**Material for this exercise:**
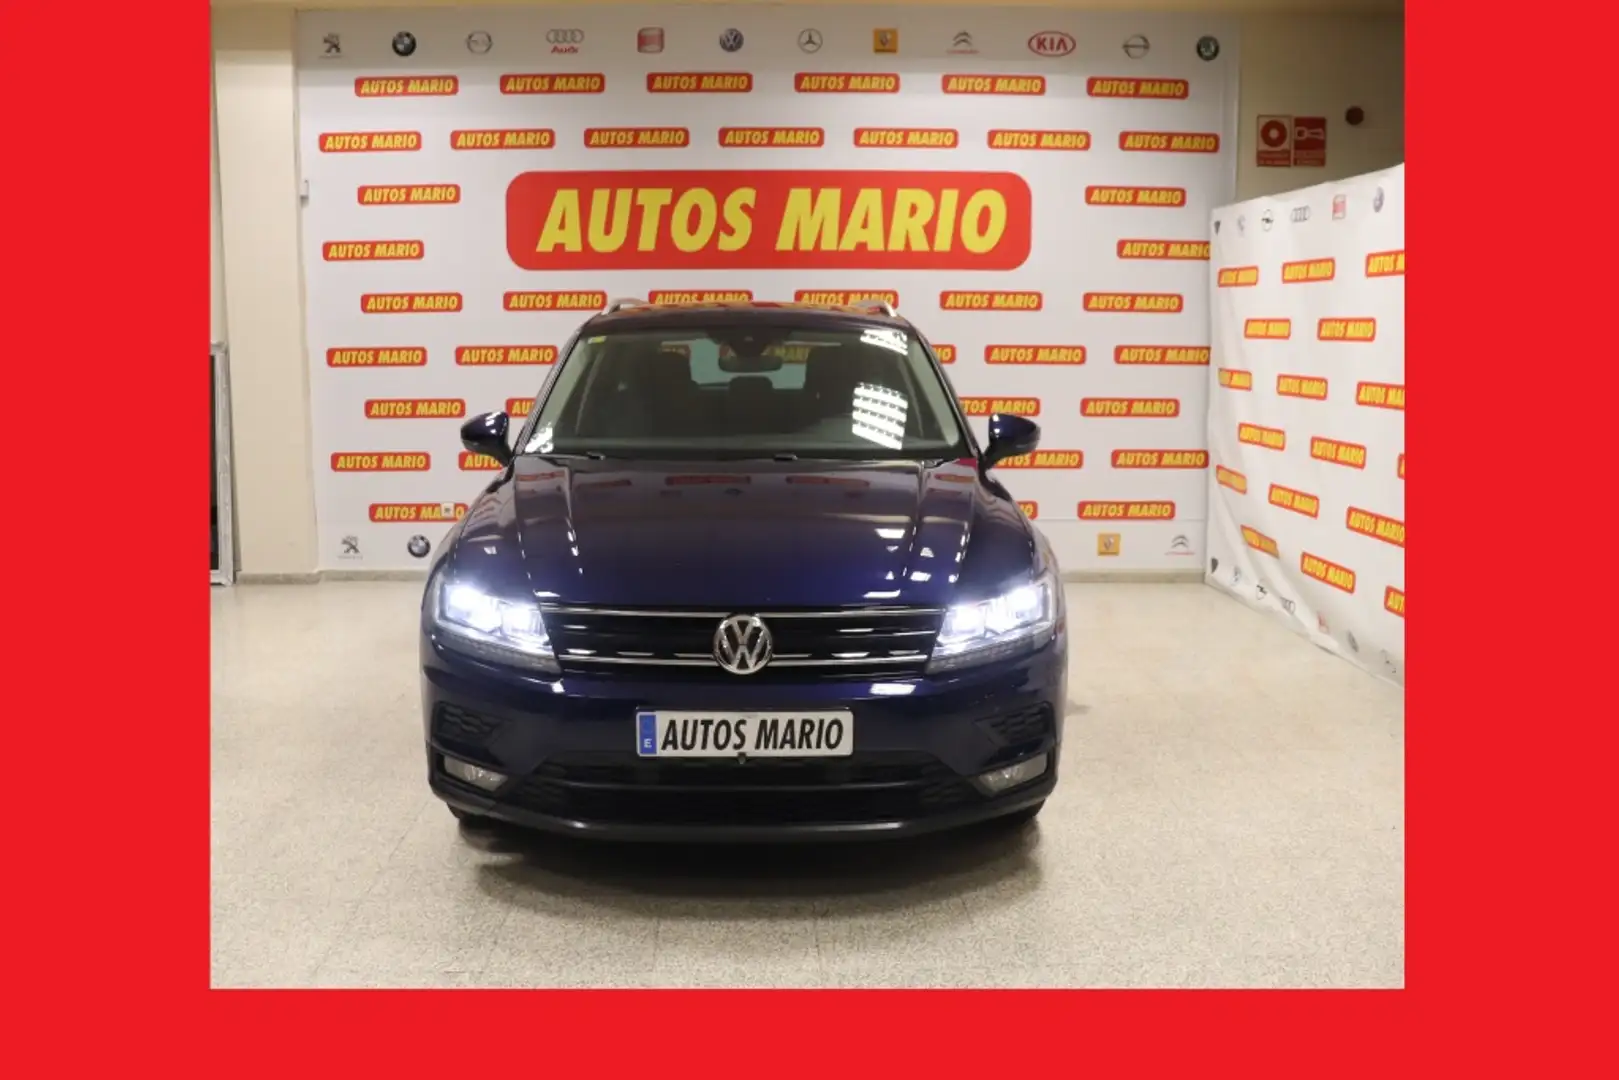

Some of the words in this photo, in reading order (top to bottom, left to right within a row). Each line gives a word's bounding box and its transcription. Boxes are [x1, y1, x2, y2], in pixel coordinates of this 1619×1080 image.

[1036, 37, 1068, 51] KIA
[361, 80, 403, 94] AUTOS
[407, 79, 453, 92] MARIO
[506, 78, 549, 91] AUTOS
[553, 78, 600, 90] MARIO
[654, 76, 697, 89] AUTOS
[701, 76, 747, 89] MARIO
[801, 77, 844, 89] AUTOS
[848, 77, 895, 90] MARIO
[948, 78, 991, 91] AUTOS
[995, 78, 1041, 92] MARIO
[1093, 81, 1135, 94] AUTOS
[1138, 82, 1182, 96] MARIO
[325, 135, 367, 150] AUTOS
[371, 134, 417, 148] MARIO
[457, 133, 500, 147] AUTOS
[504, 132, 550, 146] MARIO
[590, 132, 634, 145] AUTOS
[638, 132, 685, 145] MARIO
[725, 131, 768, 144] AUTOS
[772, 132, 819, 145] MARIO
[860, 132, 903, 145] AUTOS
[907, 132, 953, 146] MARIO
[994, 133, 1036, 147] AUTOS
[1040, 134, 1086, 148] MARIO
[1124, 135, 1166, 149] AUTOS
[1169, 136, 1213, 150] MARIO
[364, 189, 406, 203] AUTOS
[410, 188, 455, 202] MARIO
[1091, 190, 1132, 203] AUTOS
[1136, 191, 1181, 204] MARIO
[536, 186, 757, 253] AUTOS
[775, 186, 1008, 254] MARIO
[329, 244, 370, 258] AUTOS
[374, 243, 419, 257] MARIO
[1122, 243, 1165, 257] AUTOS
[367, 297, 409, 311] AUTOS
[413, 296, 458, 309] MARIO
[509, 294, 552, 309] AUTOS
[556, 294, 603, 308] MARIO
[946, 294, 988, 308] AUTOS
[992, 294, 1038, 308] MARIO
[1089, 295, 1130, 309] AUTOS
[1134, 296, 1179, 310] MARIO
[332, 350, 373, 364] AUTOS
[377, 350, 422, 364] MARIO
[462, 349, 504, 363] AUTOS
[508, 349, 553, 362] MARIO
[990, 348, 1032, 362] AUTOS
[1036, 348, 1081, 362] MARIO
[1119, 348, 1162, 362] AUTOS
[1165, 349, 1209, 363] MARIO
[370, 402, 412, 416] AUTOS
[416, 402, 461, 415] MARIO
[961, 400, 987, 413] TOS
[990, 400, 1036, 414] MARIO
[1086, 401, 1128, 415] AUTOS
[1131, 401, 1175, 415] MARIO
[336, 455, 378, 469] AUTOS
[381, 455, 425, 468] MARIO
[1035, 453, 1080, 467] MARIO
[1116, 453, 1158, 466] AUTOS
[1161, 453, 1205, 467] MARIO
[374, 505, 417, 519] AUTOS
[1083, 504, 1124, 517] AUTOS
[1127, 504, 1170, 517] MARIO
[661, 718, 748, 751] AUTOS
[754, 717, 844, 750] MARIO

**Aim of the exercise:** Word-for-word repeat, images excluded: return all the data.

**Your response:**
Some of the words in this photo, in reading order (top to bottom, left to right within a row). Each line gives a word's bounding box and its transcription. Boxes are [x1, y1, x2, y2], in pixel coordinates of this 1619×1080 image.

[1036, 37, 1068, 51] KIA
[361, 80, 403, 94] AUTOS
[407, 79, 453, 92] MARIO
[506, 78, 549, 91] AUTOS
[553, 78, 600, 90] MARIO
[654, 76, 697, 89] AUTOS
[701, 76, 747, 89] MARIO
[801, 77, 844, 89] AUTOS
[848, 77, 895, 90] MARIO
[948, 78, 991, 91] AUTOS
[995, 78, 1041, 92] MARIO
[1093, 81, 1135, 94] AUTOS
[1138, 82, 1182, 96] MARIO
[325, 135, 367, 150] AUTOS
[371, 134, 417, 148] MARIO
[457, 133, 500, 147] AUTOS
[504, 132, 550, 146] MARIO
[590, 132, 634, 145] AUTOS
[638, 132, 685, 145] MARIO
[725, 131, 768, 144] AUTOS
[772, 132, 819, 145] MARIO
[860, 132, 903, 145] AUTOS
[907, 132, 953, 146] MARIO
[994, 133, 1036, 147] AUTOS
[1040, 134, 1086, 148] MARIO
[1124, 135, 1166, 149] AUTOS
[1169, 136, 1213, 150] MARIO
[364, 189, 406, 203] AUTOS
[410, 188, 455, 202] MARIO
[1091, 190, 1132, 203] AUTOS
[1136, 191, 1181, 204] MARIO
[536, 186, 757, 253] AUTOS
[775, 186, 1008, 254] MARIO
[329, 244, 370, 258] AUTOS
[374, 243, 419, 257] MARIO
[1122, 243, 1165, 257] AUTOS
[367, 297, 409, 311] AUTOS
[413, 296, 458, 309] MARIO
[509, 294, 552, 309] AUTOS
[556, 294, 603, 308] MARIO
[946, 294, 988, 308] AUTOS
[992, 294, 1038, 308] MARIO
[1089, 295, 1130, 309] AUTOS
[1134, 296, 1179, 310] MARIO
[332, 350, 373, 364] AUTOS
[377, 350, 422, 364] MARIO
[462, 349, 504, 363] AUTOS
[508, 349, 553, 362] MARIO
[990, 348, 1032, 362] AUTOS
[1036, 348, 1081, 362] MARIO
[1119, 348, 1162, 362] AUTOS
[1165, 349, 1209, 363] MARIO
[370, 402, 412, 416] AUTOS
[416, 402, 461, 415] MARIO
[961, 400, 987, 413] TOS
[990, 400, 1036, 414] MARIO
[1086, 401, 1128, 415] AUTOS
[1131, 401, 1175, 415] MARIO
[336, 455, 378, 469] AUTOS
[381, 455, 425, 468] MARIO
[1035, 453, 1080, 467] MARIO
[1116, 453, 1158, 466] AUTOS
[1161, 453, 1205, 467] MARIO
[374, 505, 417, 519] AUTOS
[1083, 504, 1124, 517] AUTOS
[1127, 504, 1170, 517] MARIO
[661, 718, 748, 751] AUTOS
[754, 717, 844, 750] MARIO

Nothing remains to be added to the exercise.